* [bug#62443] LLaMA.cpp
@ 2023-03-25 15:05 Nicolas Graves via Guix-patches via
2023-03-25 15:32 ` [bug#62443] [PATCH 1/3] gnu: Add sentencepiece Nicolas Graves via Guix-patches via
2023-04-08 12:07 ` [bug#62443] LLaMA.cpp Nicolas Goaziou
0 siblings, 2 replies; 5+ messages in thread
From: Nicolas Graves via Guix-patches via @ 2023-03-25 15:05 UTC (permalink / raw)
To: 62443
Here are 3 patches introducing the LLaMA CPP implementation. Since
weights are available as torrent download, this makes the whole model
usable with a local config.
Basic information for preparing the model are available in the
README.
--
Best regards,
Nicolas Graves
^ permalink raw reply [flat|nested] 5+ messages in thread
* [bug#62443] [PATCH 1/3] gnu: Add sentencepiece.

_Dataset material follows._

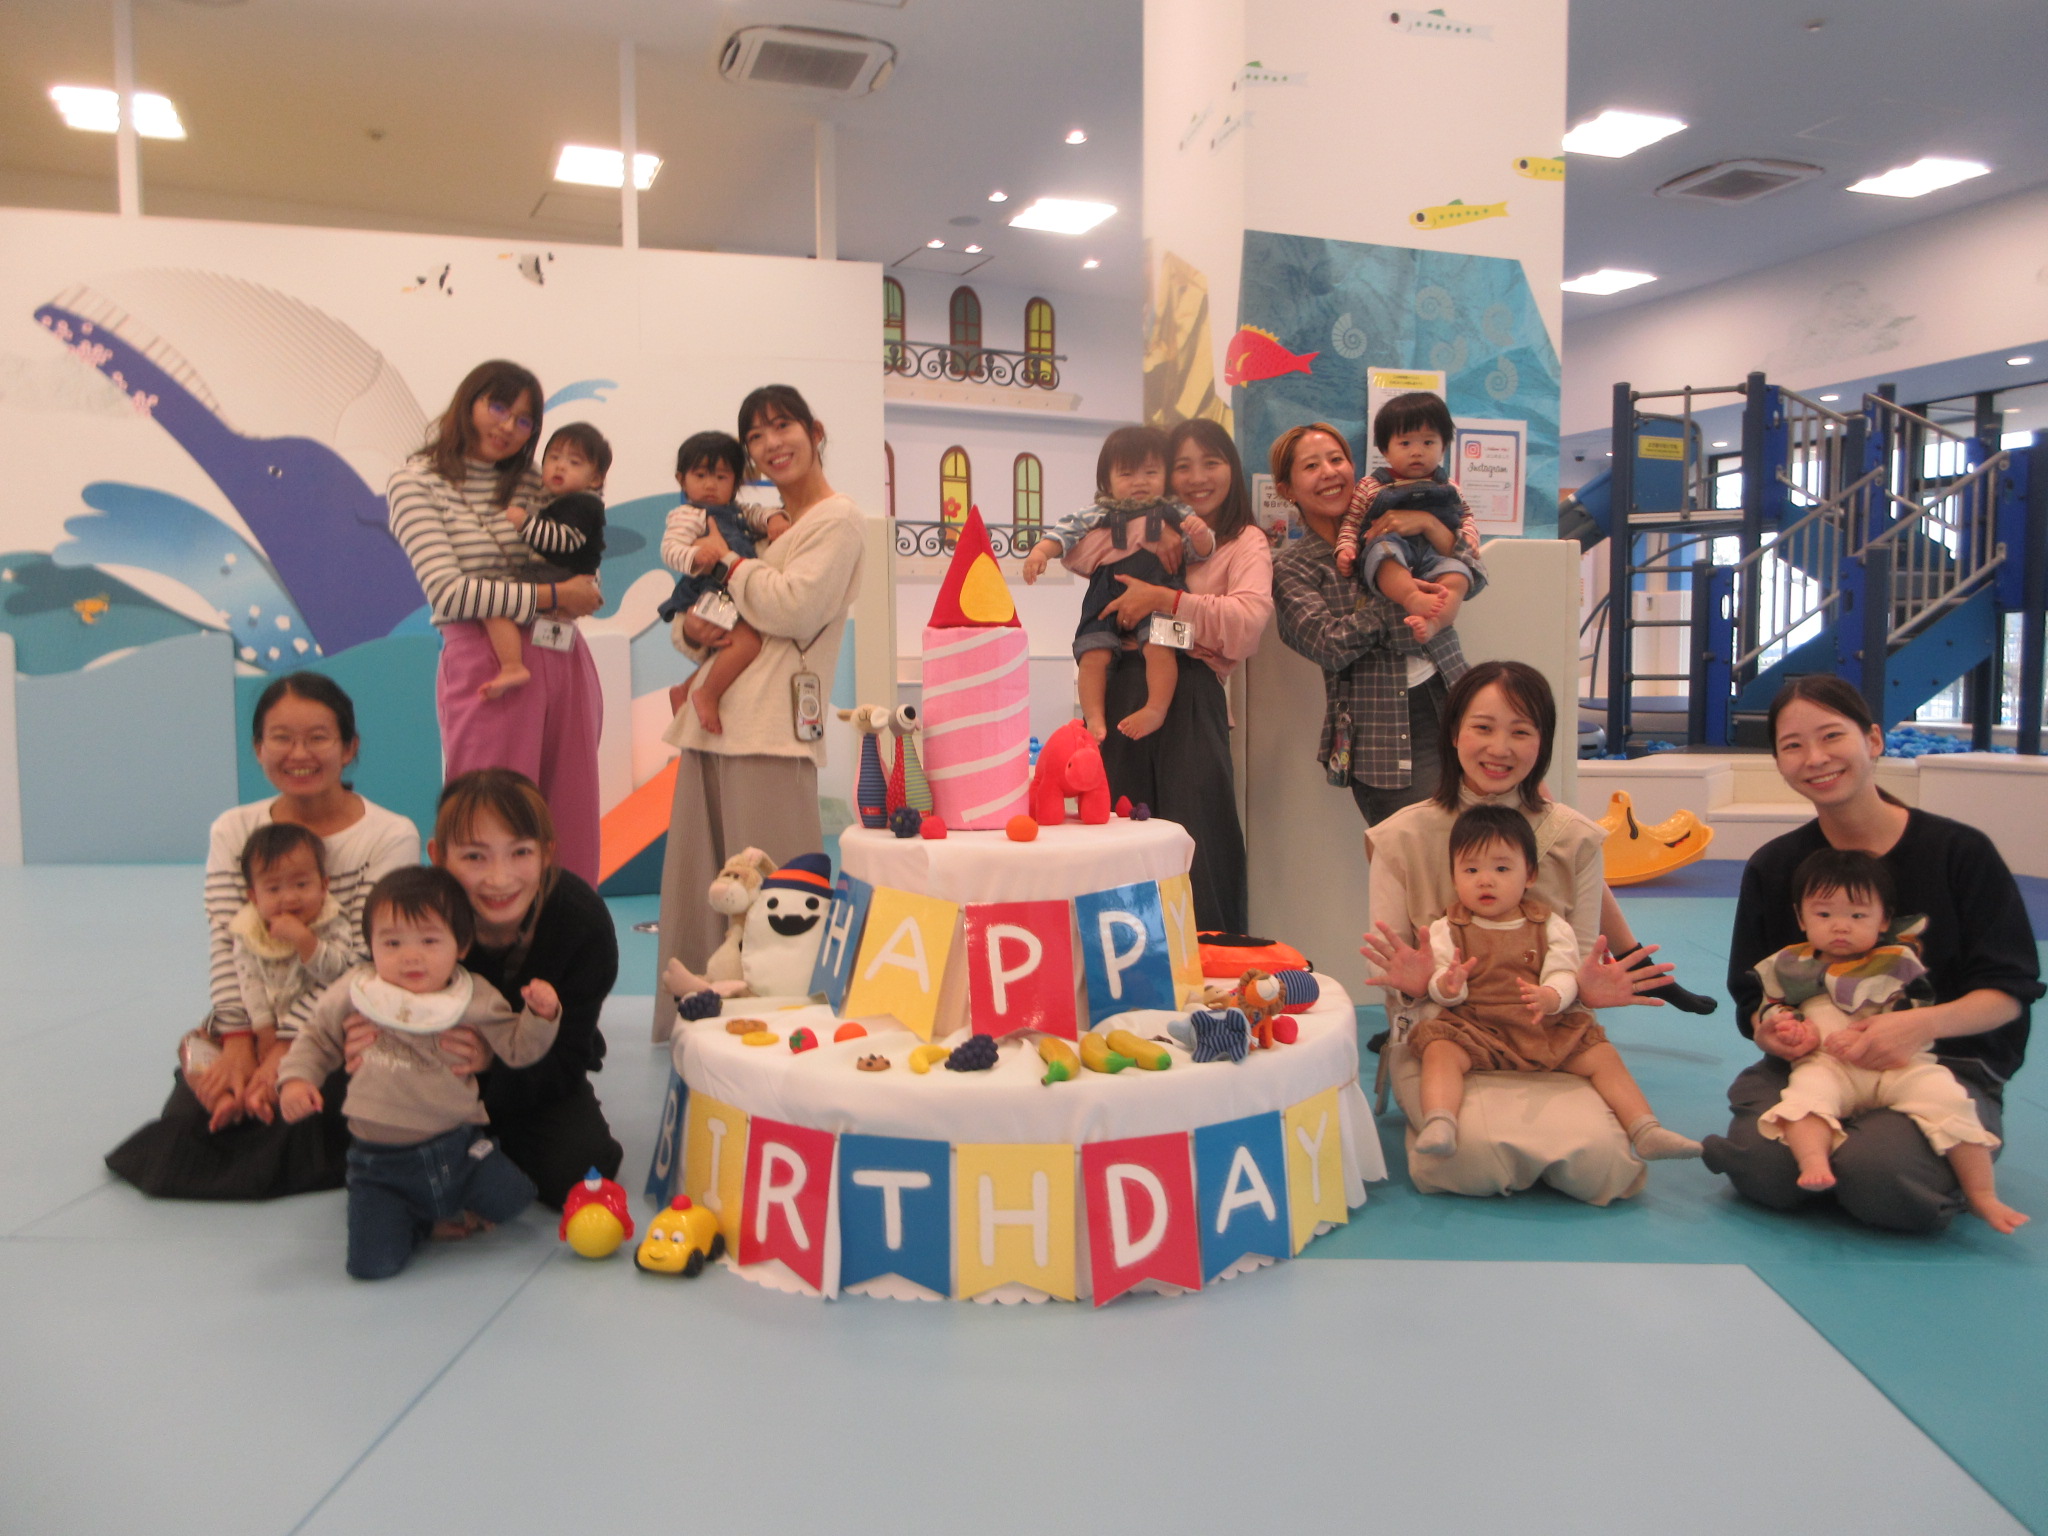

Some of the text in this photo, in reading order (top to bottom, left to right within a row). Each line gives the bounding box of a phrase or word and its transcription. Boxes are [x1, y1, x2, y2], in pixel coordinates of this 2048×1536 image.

2023-03-25 15:05 [bug#62443] LLaMA.cpp Nicolas Graves via Guix-patches via
@ 2023-03-25 15:32 ` Nicolas Graves via Guix-patches via
2023-03-25 15:32 ` [bug#62443] [PATCH 2/3] gnu: Add python-sentencepiece Nicolas Graves via Guix-patches via
2023-03-25 15:32 ` [bug#62443] [PATCH 3/3] gnu: Add llama-cpp Nicolas Graves via Guix-patches via
2023-04-08 12:07 ` [bug#62443] LLaMA.cpp Nicolas Goaziou
1 sibling, 2 replies; 5+ messages in thread
From: Nicolas Graves via Guix-patches via @ 2023-03-25 15:32 UTC (permalink / raw)
To: 62443; +Cc: ngraves
* gnu/packages/machine-learning.scm (sentencepiece): New variable.
---
gnu/packages/machine-learning.scm | 27 +++++++++++++++++++++++++++
1 file changed, 27 insertions(+)
diff --git a/gnu/packages/machine-learning.scm b/gnu/packages/machine-learning.scm
index 37d4ef78ad..f6996af77b 100644
--- a/gnu/packages/machine-learning.scm
+++ b/gnu/packages/machine-learning.scm
@@ -583,6 +583,33 @@ (define openfst-for-vosk
'("--enable-shared" "--enable-far" "--enable-ngram-fsts"
"--enable-lookahead-fsts" "--with-pic" "--disable-bin")))))
+(define-public sentencepiece
+ (package
+ (name "sentencepiece")
+ (version "0.1.97")
+ (source
+ (origin
+ (method git-fetch)
+ (uri (git-reference
+ (url "https://github.com/google/sentencepiece")
+ (commit (string-append "v" version))))
+ (file-name (git-file-name name version))
+ (sha256
+ (base32 "1kzfkp2pk0vabyw3wmkh16h11chzq63mzc20ddhsag5fp6s91ajg"))))
+ (build-system cmake-build-system)
+ (arguments '(#:tests? #f))
+ (native-inputs (list gperftools))
+ (home-page "https://github.com/google/sentencepiece")
+ (synopsis "Unsupervised tokenizer for Neural Network-based text generation")
+ (description "SentencePiece is an unsupervised text tokenizer and
+detokenizer mainly for Neural Network-based text generation systems where the
+vocabulary size is predetermined prior to the neural model training.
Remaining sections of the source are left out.